But there is literally no physical law stopping us from letting every human on Earth now live until the sun dies, if we had the right tools.
Yeah, there are. The very limitations you say "the right tools would fix" are the very limitations of reality itself. We could make rocks exist forever if we coated them in some magical substance that prevented wind erosion, abrading, and all the hundreds of other micro processes that contribute to decay. I know, maybe if we made a field that just stopped proton and radiological decay altogether.
And humans could exist forever if hooked up to perpetual motion machines and were pumped full of intelligent nanobots that massage our neurons, build up the myelin sheaths around them to improve memory and thought function, and snap and reorder neuron pathways according to some master plan for peak human performance.
Just like I could be magically happy if I built a machine that makes everything I wanted true.
And then we remember what reality is, from the basis of scarcity, to competition, to logistics, to those pesky fundamentals some treat as minor obstacles....and we're back to where we are. A forum discussion about things no one is qualified to achieve. What if the nature of reality is that life, as we understand it, has to decay to function at all? That without decay, there is no motion, and therefore there is no life?

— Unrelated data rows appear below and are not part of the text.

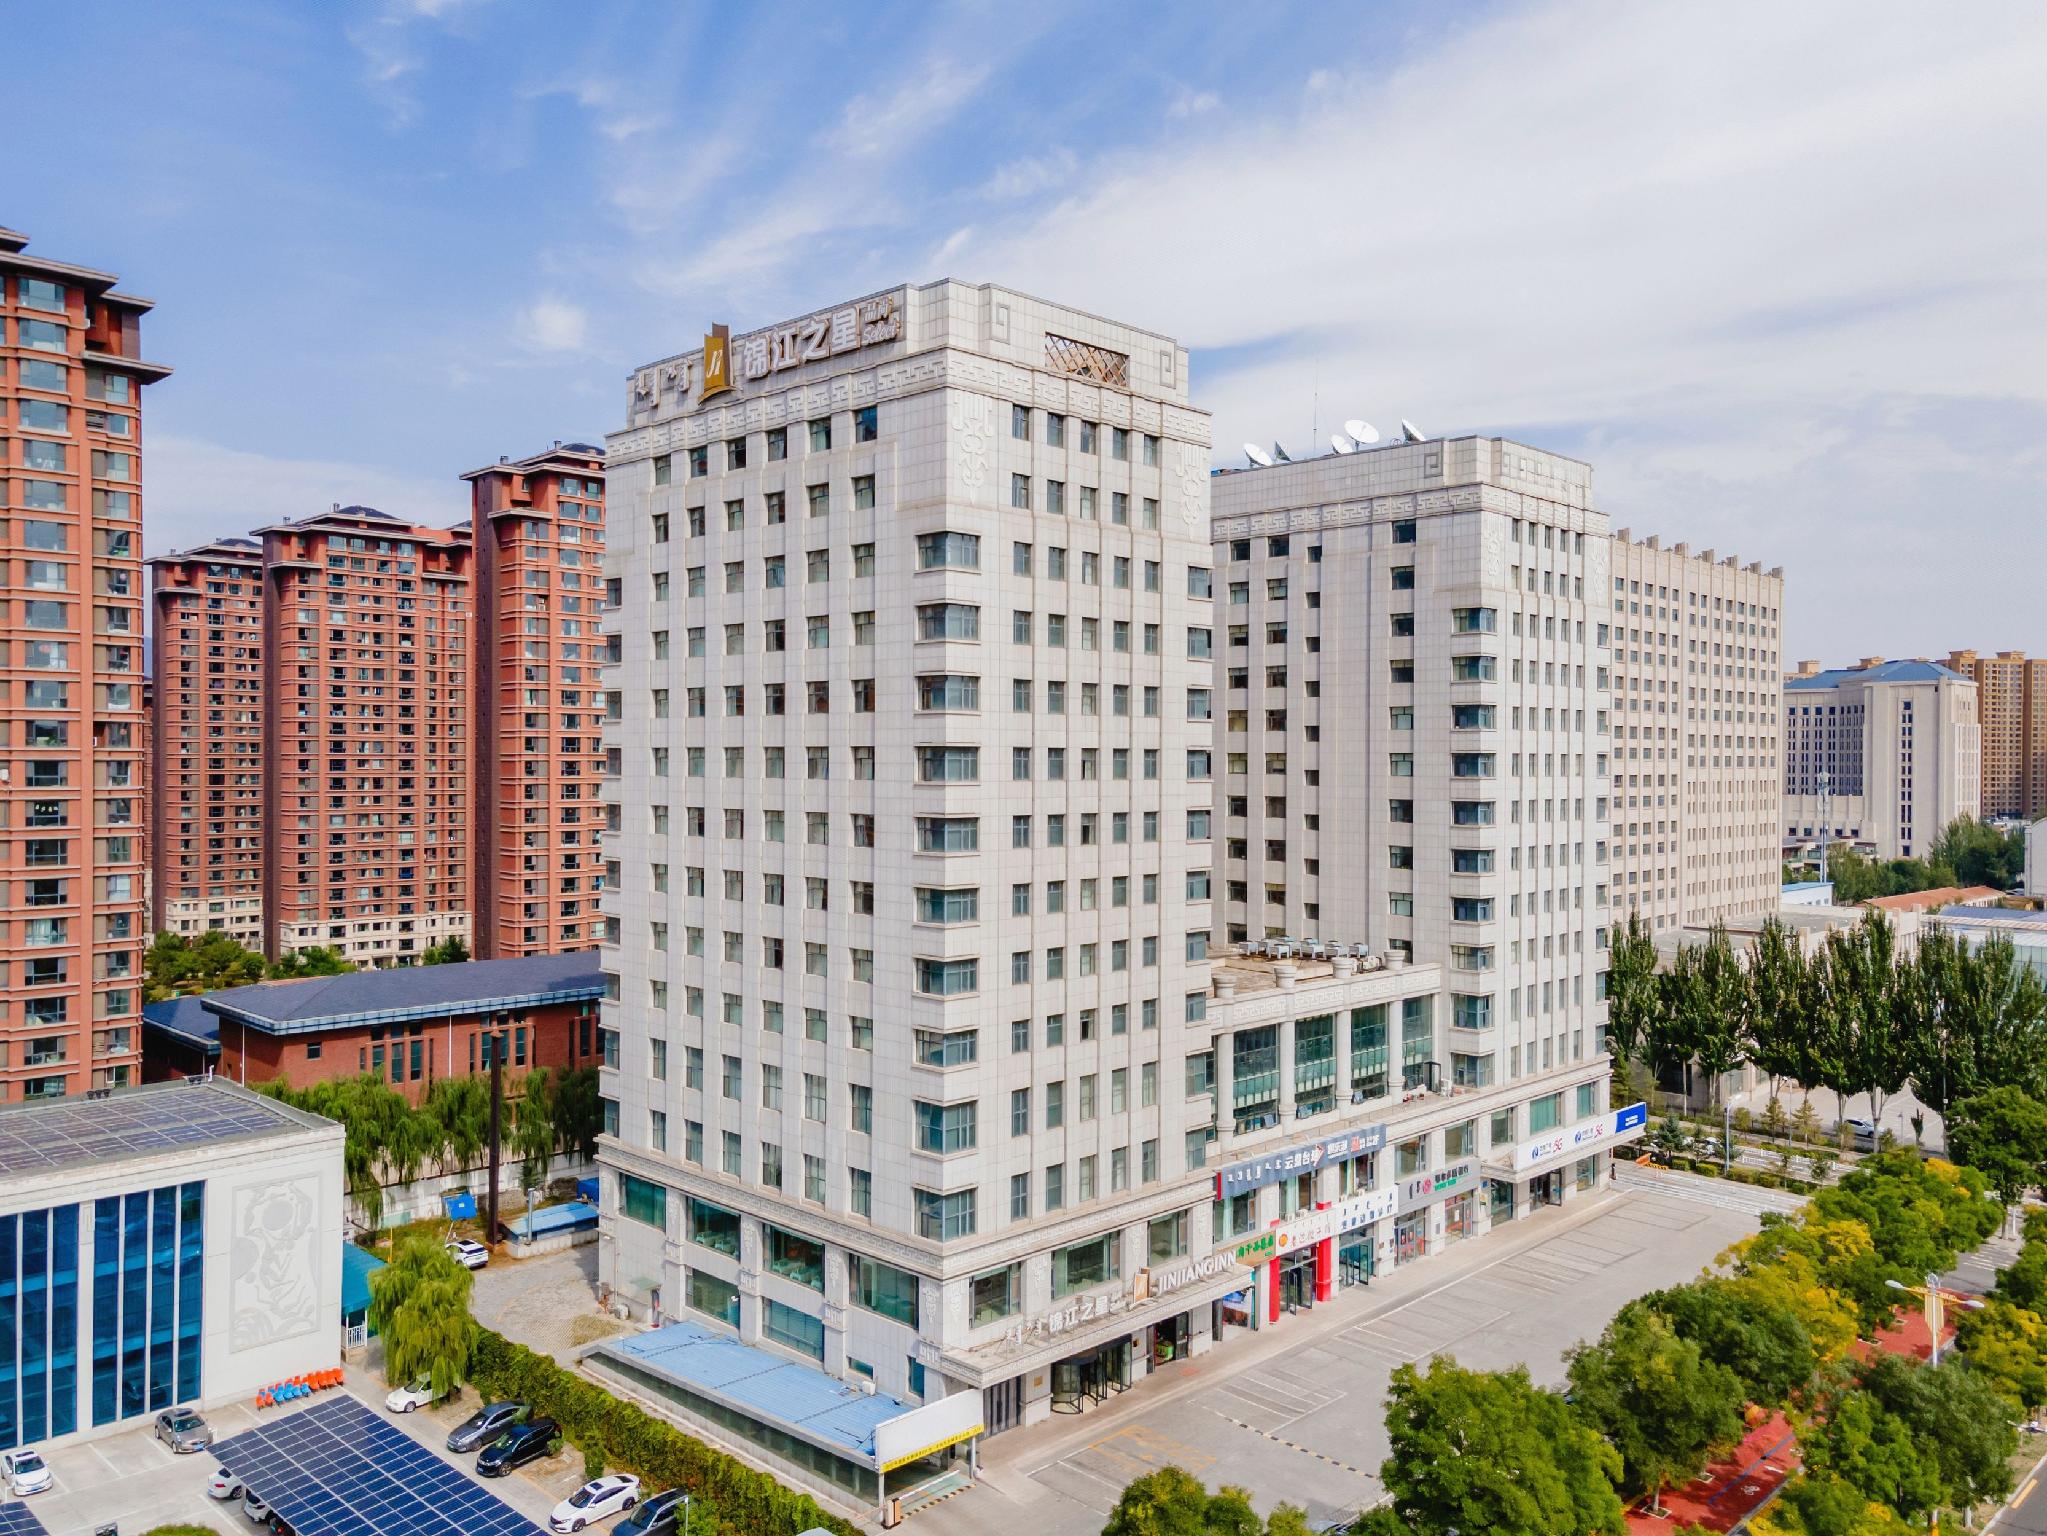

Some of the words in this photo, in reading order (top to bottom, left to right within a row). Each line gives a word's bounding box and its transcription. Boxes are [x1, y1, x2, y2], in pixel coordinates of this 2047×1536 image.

[864, 296, 893, 323] 品尚
[743, 307, 860, 379] 锦江之星
[862, 316, 900, 345] Select
[1049, 1296, 1108, 1333] 锦江之星
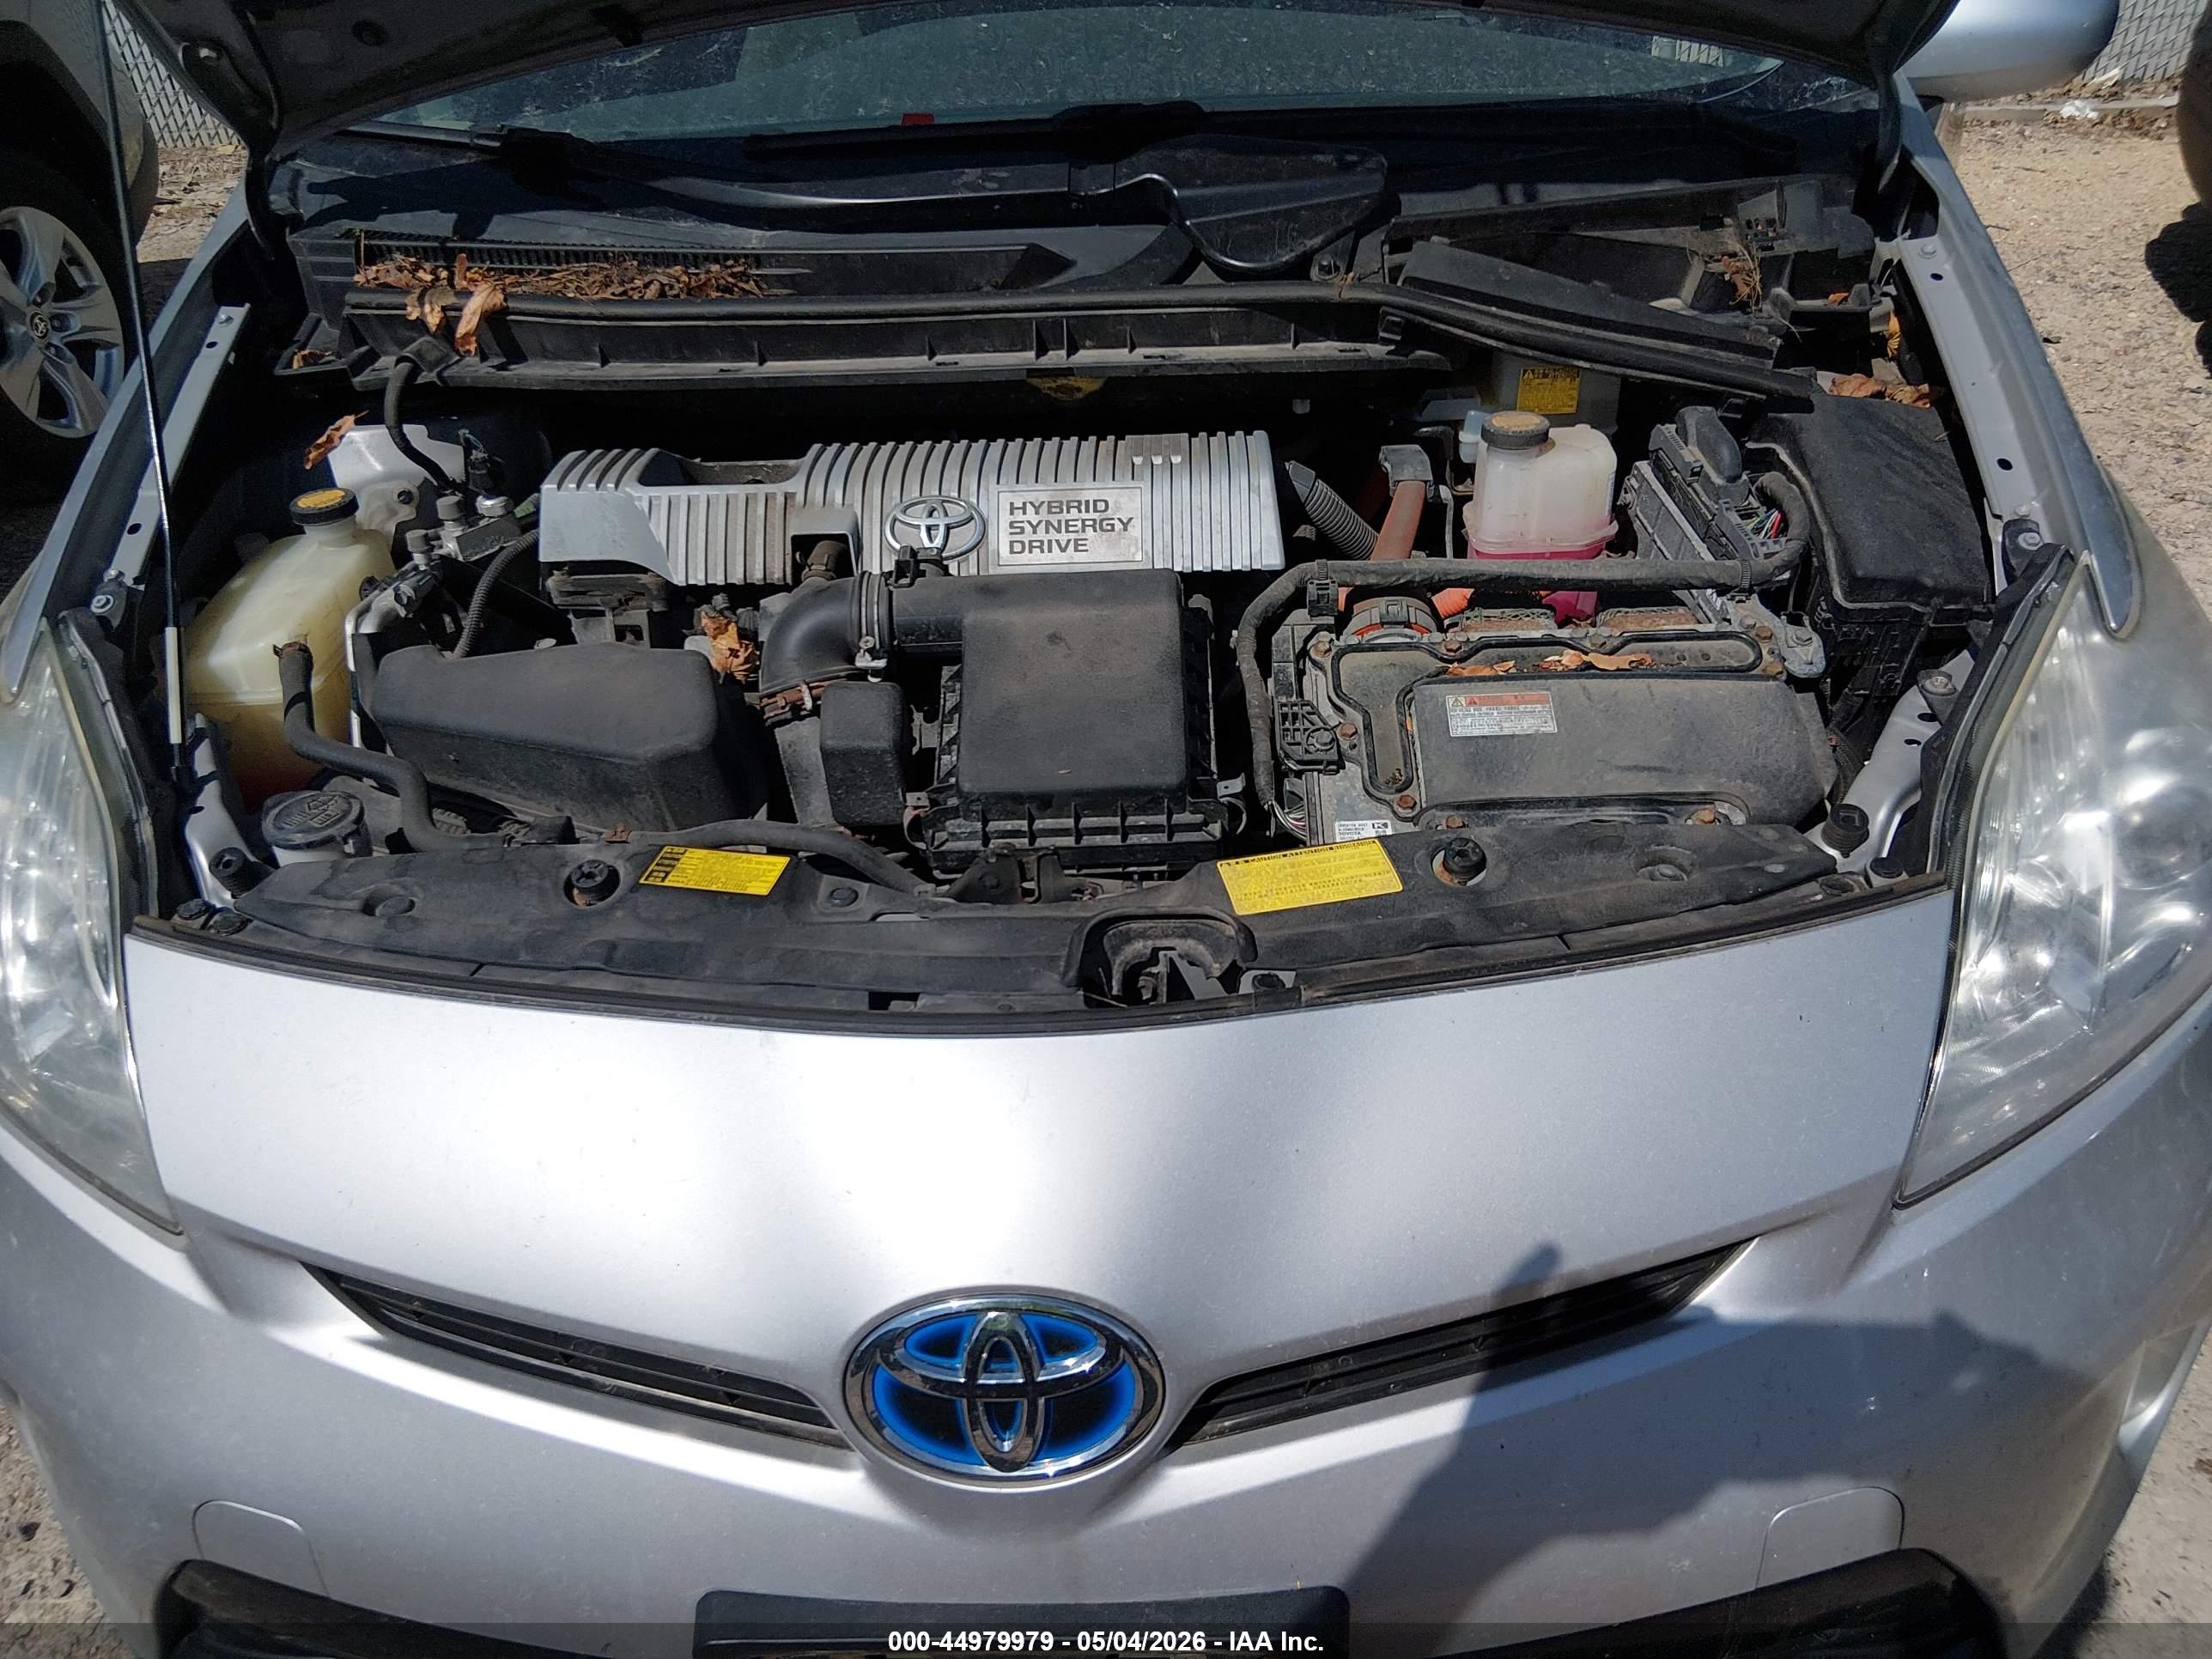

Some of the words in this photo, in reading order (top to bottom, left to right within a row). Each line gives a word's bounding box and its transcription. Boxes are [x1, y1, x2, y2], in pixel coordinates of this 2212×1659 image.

[1009, 499, 1109, 516] HYBRID
[1009, 517, 1134, 535] SYNERGY
[1009, 538, 1089, 555] DRIVE
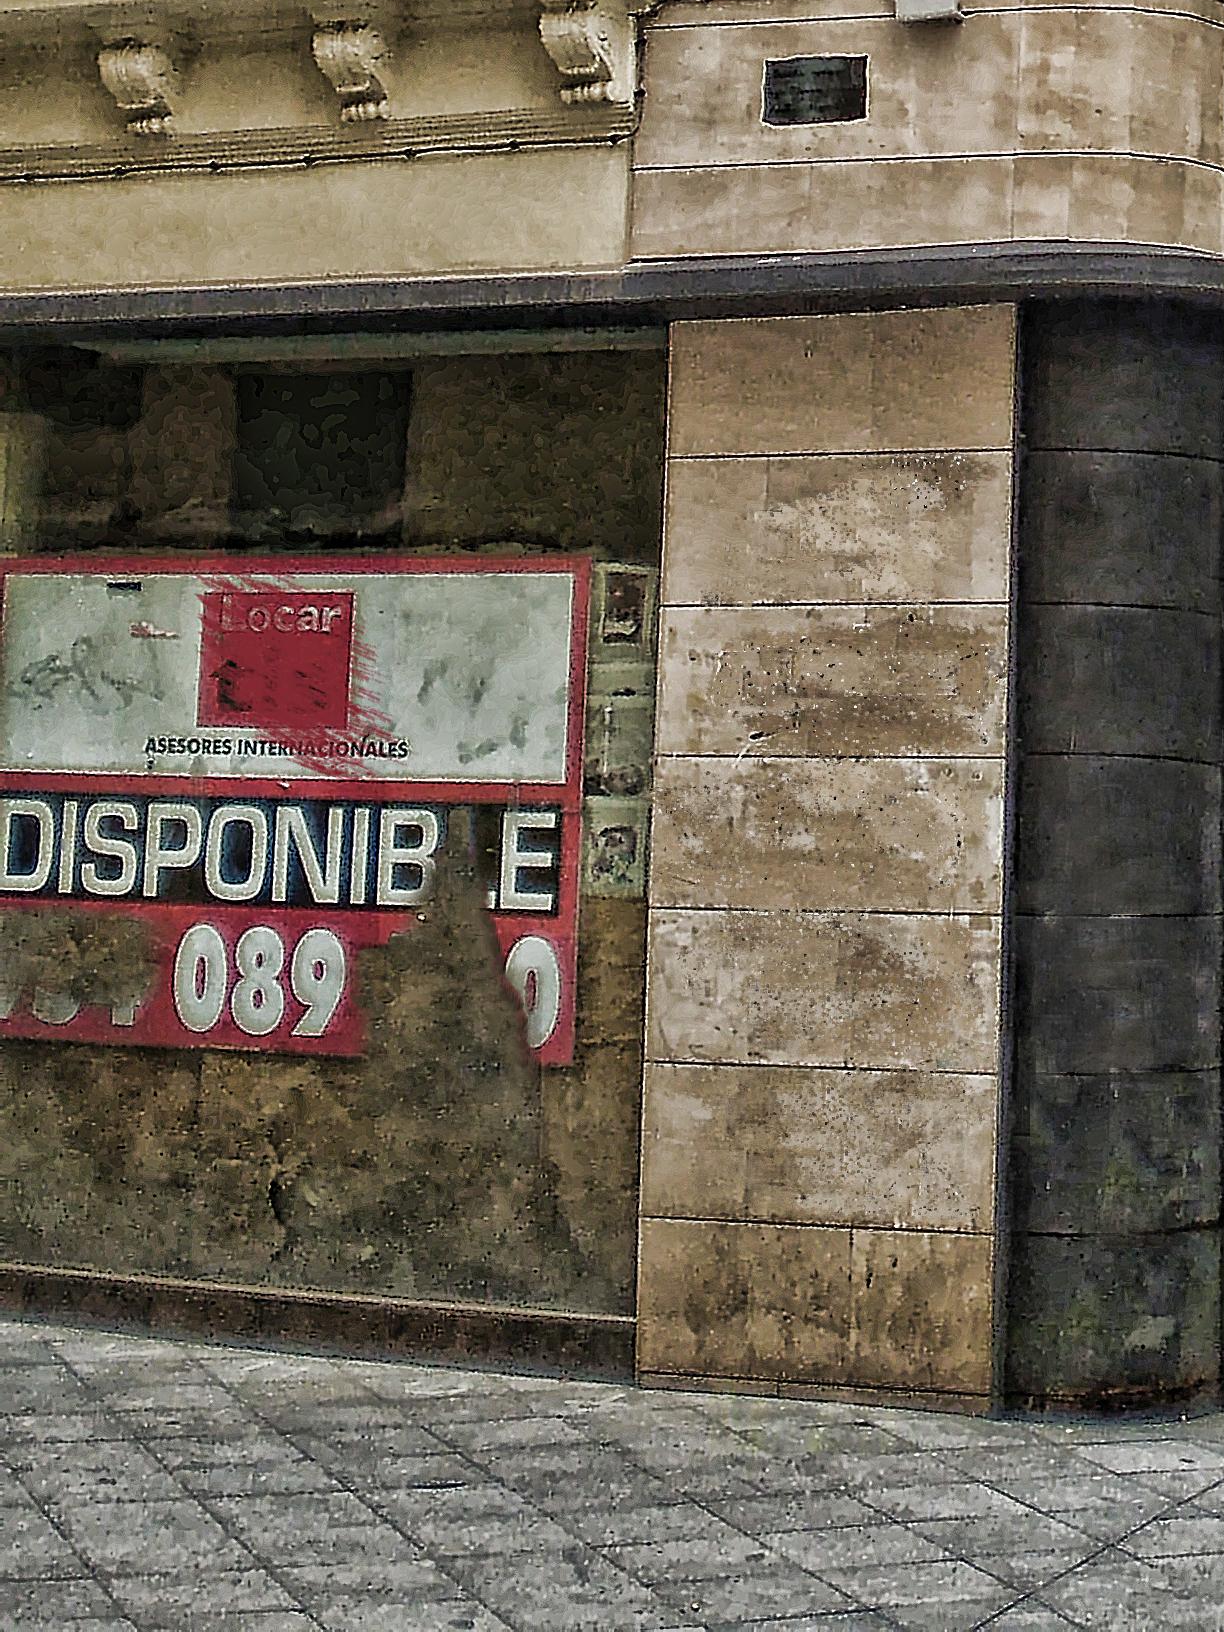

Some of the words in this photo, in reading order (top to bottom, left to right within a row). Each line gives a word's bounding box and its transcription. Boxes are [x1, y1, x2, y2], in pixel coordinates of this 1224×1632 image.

[221, 592, 343, 634] Locar
[145, 736, 232, 756] ASESORES
[237, 737, 409, 759] INTERNACIONALES
[0, 799, 556, 911] DISPONIBE
[173, 923, 346, 1036] 089

The assumption on the part of humanity is that our potential is limitless, that we can do anything if we have enough time. We know not our true limits because we haven't searched for them yet, and take that to mean there are no limits until we find them. The absence of evidence is not the evidence of absence, blah blah blah.
I'm not interested in what's not even theoretically possible yet. For all the talk about how lives are wasted in pursuits of this or that, intellectual masturbation about things that aren't even within the scope of our possibilities now is just as much of a crime against humanity as play Pong until you keel over in your chair. You could even argue the brain activity you get from thinking about the topic is a sort of 'monkey pressing the button' as we pride ourselves on how
deep we can think about reality.
Or simply put, life is one form of masturbation or another.